Past Provo and abeam Spanish Fork, I veered to the east a bit to enter the valley that would take me along route 89 to Bryce Canyon. That put us in a series of long, relatively narrow valleys between mountain ranges that rose up to 9,000+ feet on the west and 11,000+ feet on the east. There were a few towns along the way and lots of farmland. Very rural, almost remote. And then another narrower, more remote valley with 11,000+ foot mountains on either side. It was 213 nautical miles from Skypark to Bryce Canyon and it took us nearly 2-1/2 hours to cover that distance. I’d been hoping to refuel at Page, AZ, but it didn’t look like we’d make it so we stopped at Bryce.

Bryce Hangar
The old log hangar at Bryce Canyon Airport.

The last time I’d been to Bryce Canyon Airport had been way back in January 2013 on a photo flight with a good client. He’d been assigned by Airpano to get pictures of Bryce Canyon in winter for their panoramic image project. We flew up from Phoenix and wound up getting snowed in for two nights before we could do the shoot. You can read a bit about it here. On that last visit, the airport guy had been extraordinarily helpful with weather-related problems — so helpful that my client and I had each tipped him $100. I still have the t-shirt he gave me when I wanted to buy one; I call it my “hundred dollar t-shirt.” I was looking forward to seeing him, just to see if he remembered me. But he wasn’t there. It was a different guy who was older and not quite as friendly. I think he was put off by Penny, who first came into his office off-leash. Oops.

Anyway, he fueled us up while we used the bathroom. I was out on the ramp again chatting with him when the local sheriff’s office guy came up, in uniform. I wondered if we’d done something wrong but couldn’t imagine what it might be. But he was just there to chat with his airport buddy, to kill time on a nice day.

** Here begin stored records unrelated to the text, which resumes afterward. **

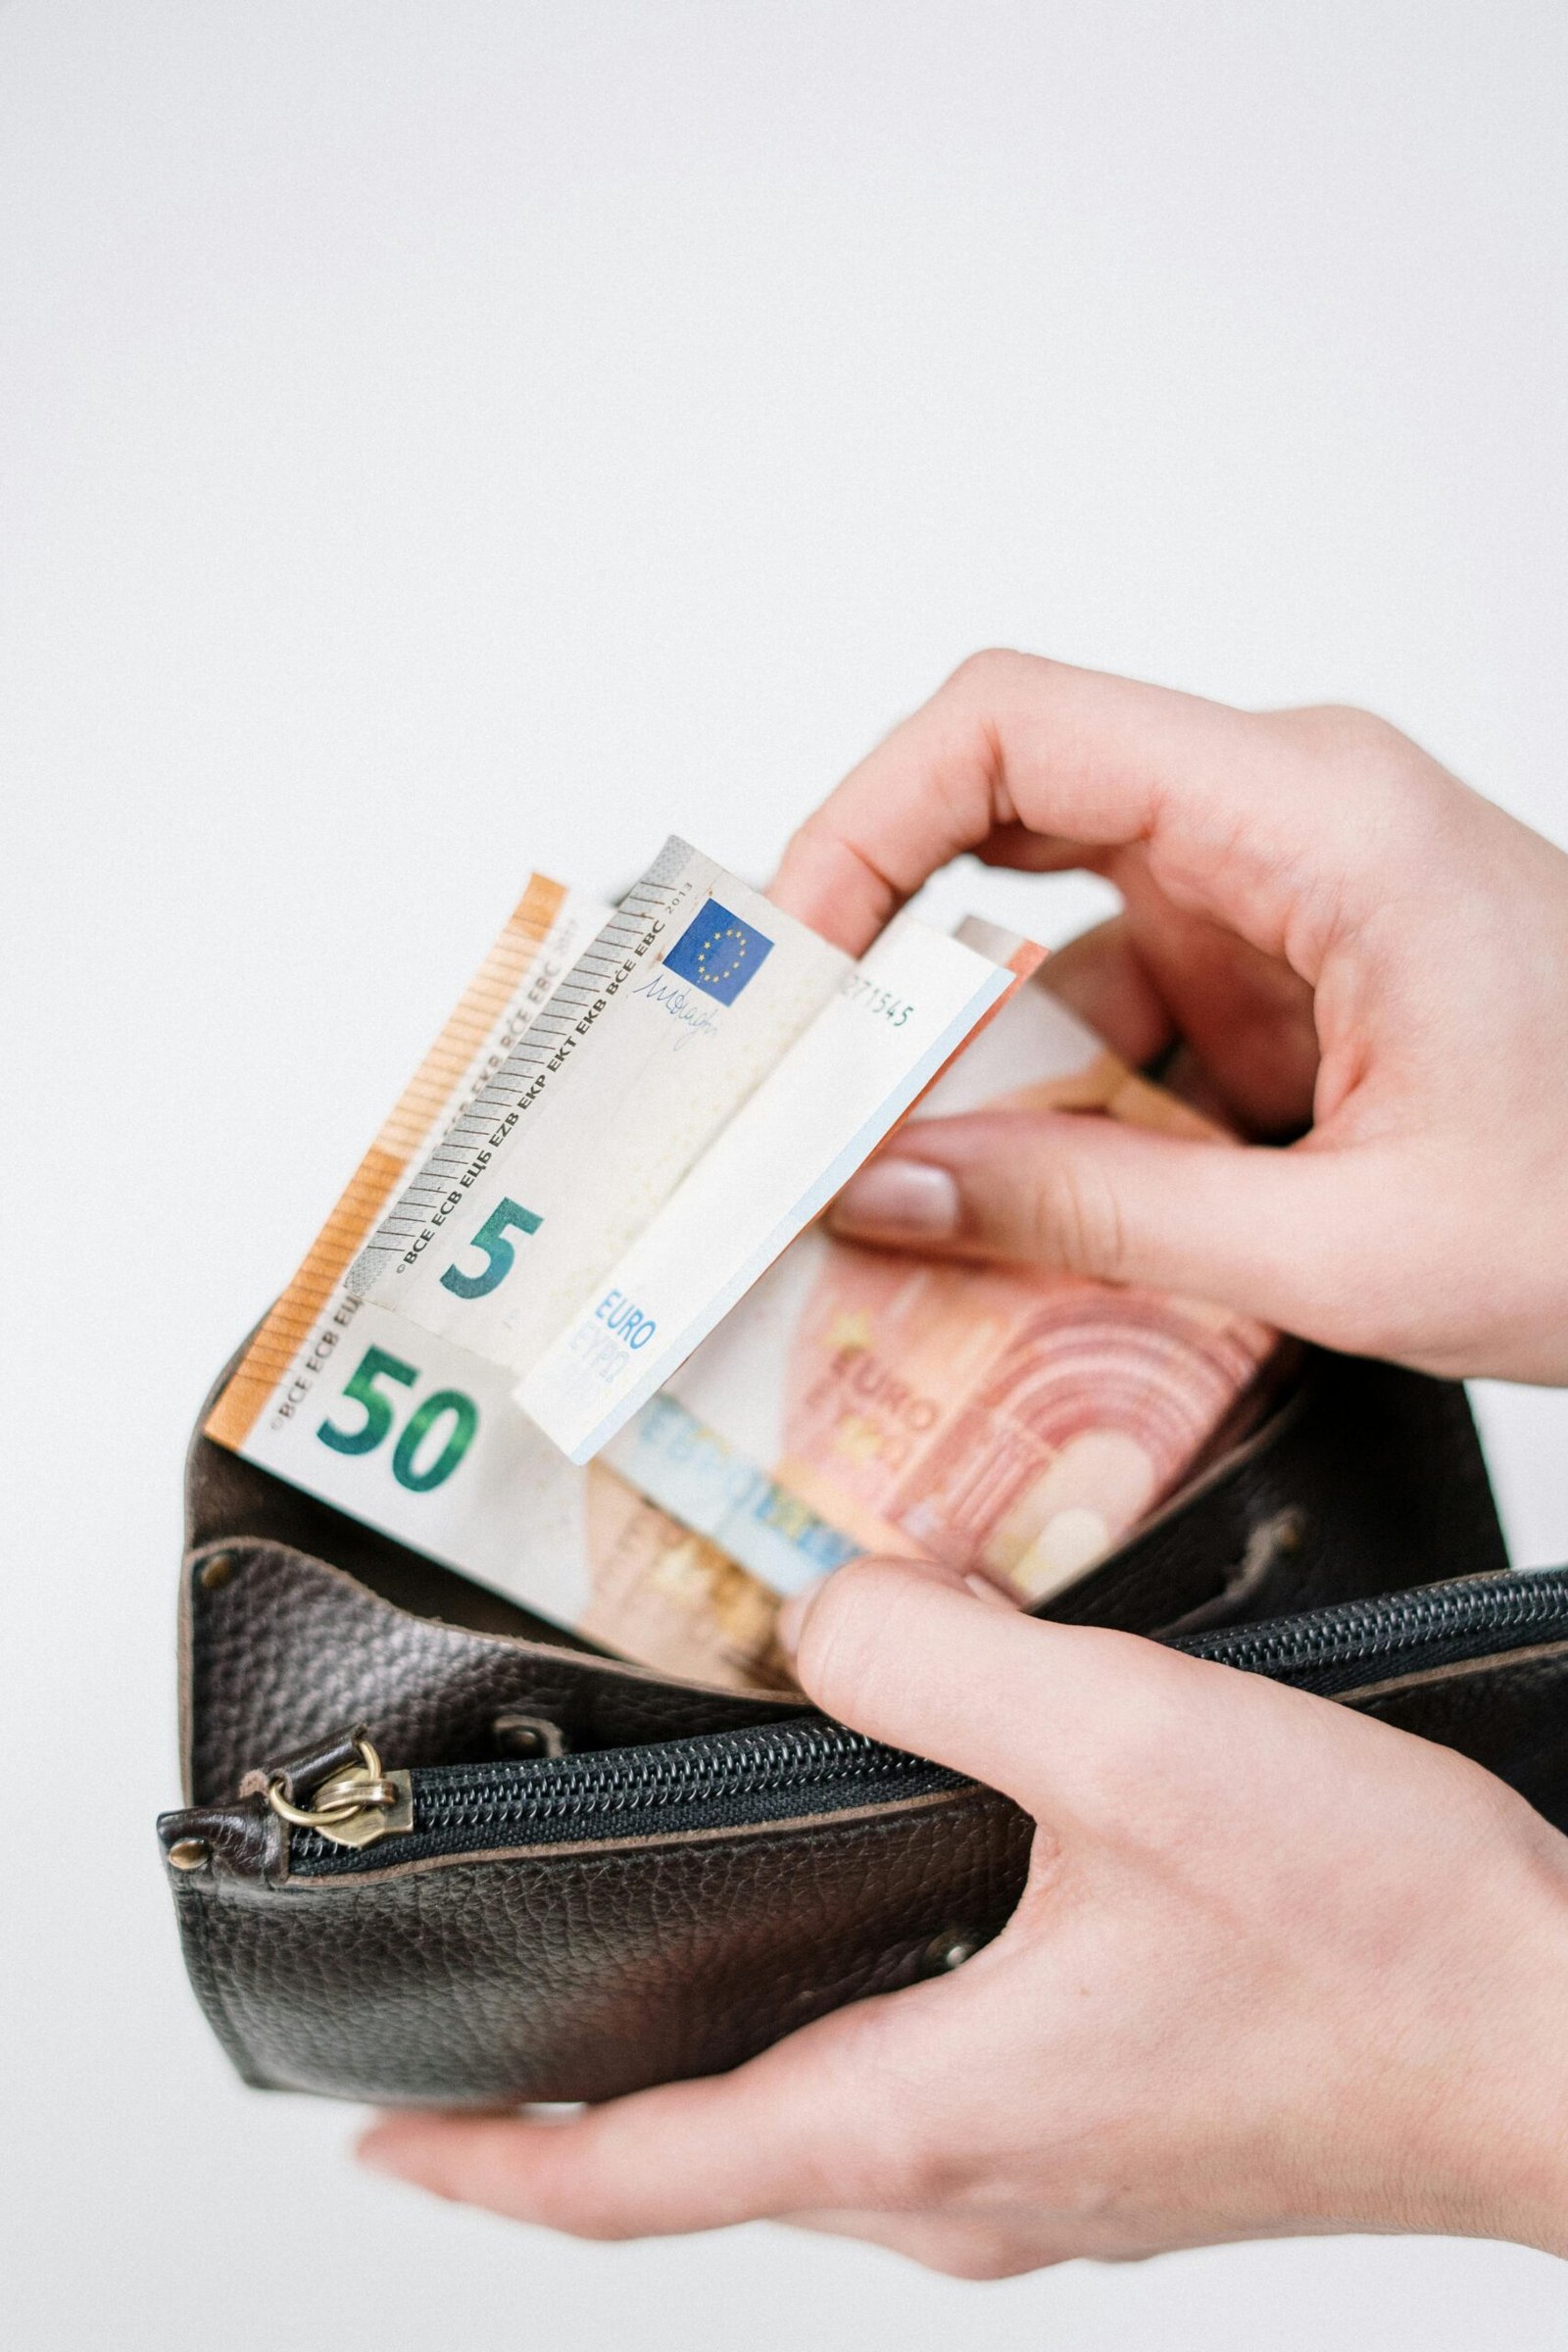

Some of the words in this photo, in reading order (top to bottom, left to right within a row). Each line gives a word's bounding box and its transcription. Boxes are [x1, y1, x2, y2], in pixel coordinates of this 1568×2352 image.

[431, 1191, 463, 1227] ECB
[488, 1111, 519, 1148] EZB
[516, 1074, 547, 1109] EKP
[546, 1036, 576, 1072] EKT
[574, 999, 607, 1035] EKB
[633, 919, 665, 956] EBC
[664, 881, 694, 914] 2013
[439, 1196, 545, 1300] 5
[305, 1330, 340, 1373] ECB
[594, 1288, 658, 1350] EURO
[316, 1342, 479, 1494] 50
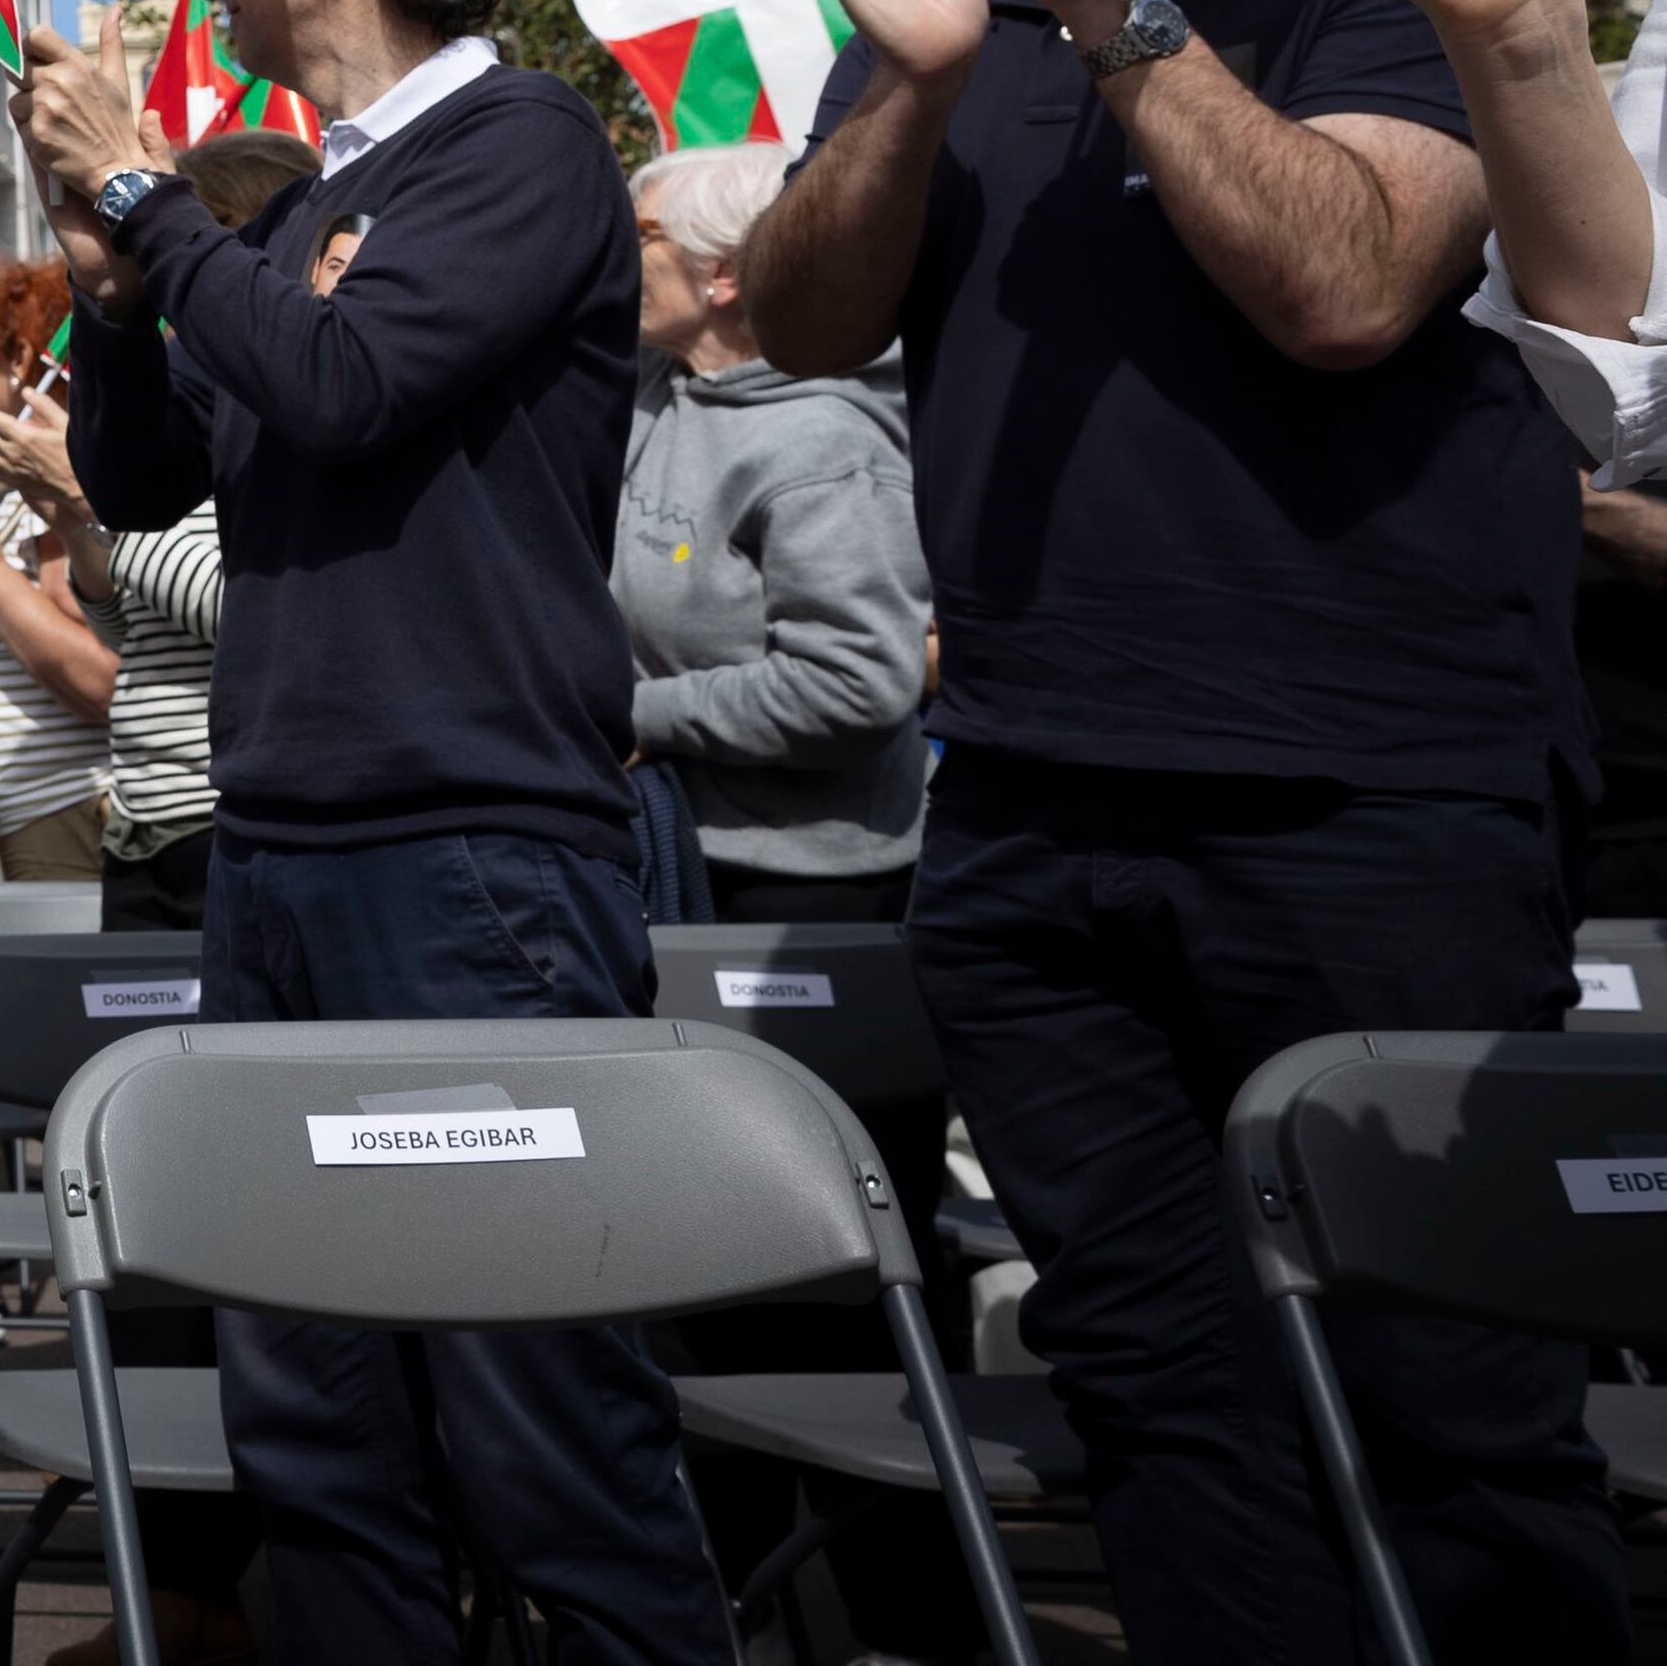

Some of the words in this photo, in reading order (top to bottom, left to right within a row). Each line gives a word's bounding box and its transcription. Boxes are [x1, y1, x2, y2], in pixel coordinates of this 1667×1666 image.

[730, 983, 811, 998] DONOSTIA
[102, 991, 182, 1006] DONOSTIA
[351, 1131, 441, 1150] JOSEBA
[446, 1127, 538, 1148] EGIBAR

And it was a nice day — unseasonably warm for October, especially at Bryce’s 7590-foot elevation. The kind of day you’d want to sit out in the sun on one of the chairs they had on the FBO porch. In the 50s, at least. I didn’t even need my jacket.

Leg 5: Bryce Canyon to Sedona

Of course, Bryce Canyon Airport is only a few miles from Bryce Canyon National Park, so there’s no chance we’d leave there without a nice little flyby. I felt bad for Jeremy, who’d really hoped to visit friends and his daughter on the way south. I thought of Bryce Canyon, which he’d never been to, as a sort of consolation prize.

Bryce Canyon is really a misnomer; it’s not a canyon at all. It’s basically a cliff face where Mother Nature has eroded rocks with wind and rain, exposing the red sandstone layers and carving out towers called hoodoos. These are visible from various lookout points along a rim road on the top of the cliff as well as from the air to the southeast of the park itself. At least one tour operator does helicopter tours there. Although the airspace is clearly marked for the National Park, I know the rules: pilots are requested to avoid flight within 2,000 feet of the ground or cliffs (or hoodoos) within that area. That doesn’t mean flight is forbidden. So a quick flyby wouldn’t break any rules and likely wouldn’t bother many tourists. After all, there’s a tour operator likely flying by multiple times in a day for a lot longer and a lot closer.

And I did keep it quick. I made a big loop out toward Tropic and then came in closer with Jeremy’s side facing the park. He shot a bunch of photos. The nosecam didn’t really get any good shots, but one was sharable. Then we continued on our way.

Bryce
Keep in mind that I was turning when the nosecam captured this image of Bryce Canyon.

It was around then that I first caught sight of Navajo Mountain. This is a huge landmark for me. It means coming home, returning to a place that I know very well: Lake Powell. I can’t tell you how many hours I’ve spent over the lake with photographers on board. Easily over 200. I missed it and I wanted to fly it again, but I wasn’t interested in flying over it with a nearly timed-out engine that was making metal shavings. I’ve tentatively planned a photo shoot there in April 2017, before I bring the helicopter back to Washington from its California frost contract. If you’re interested, you might want to check this out. And tell your friends.

West of Page
Typical terrain west of Page, AZ. If you look closely at the horizon, you should be able to see Navajo Mountain off it in the distance.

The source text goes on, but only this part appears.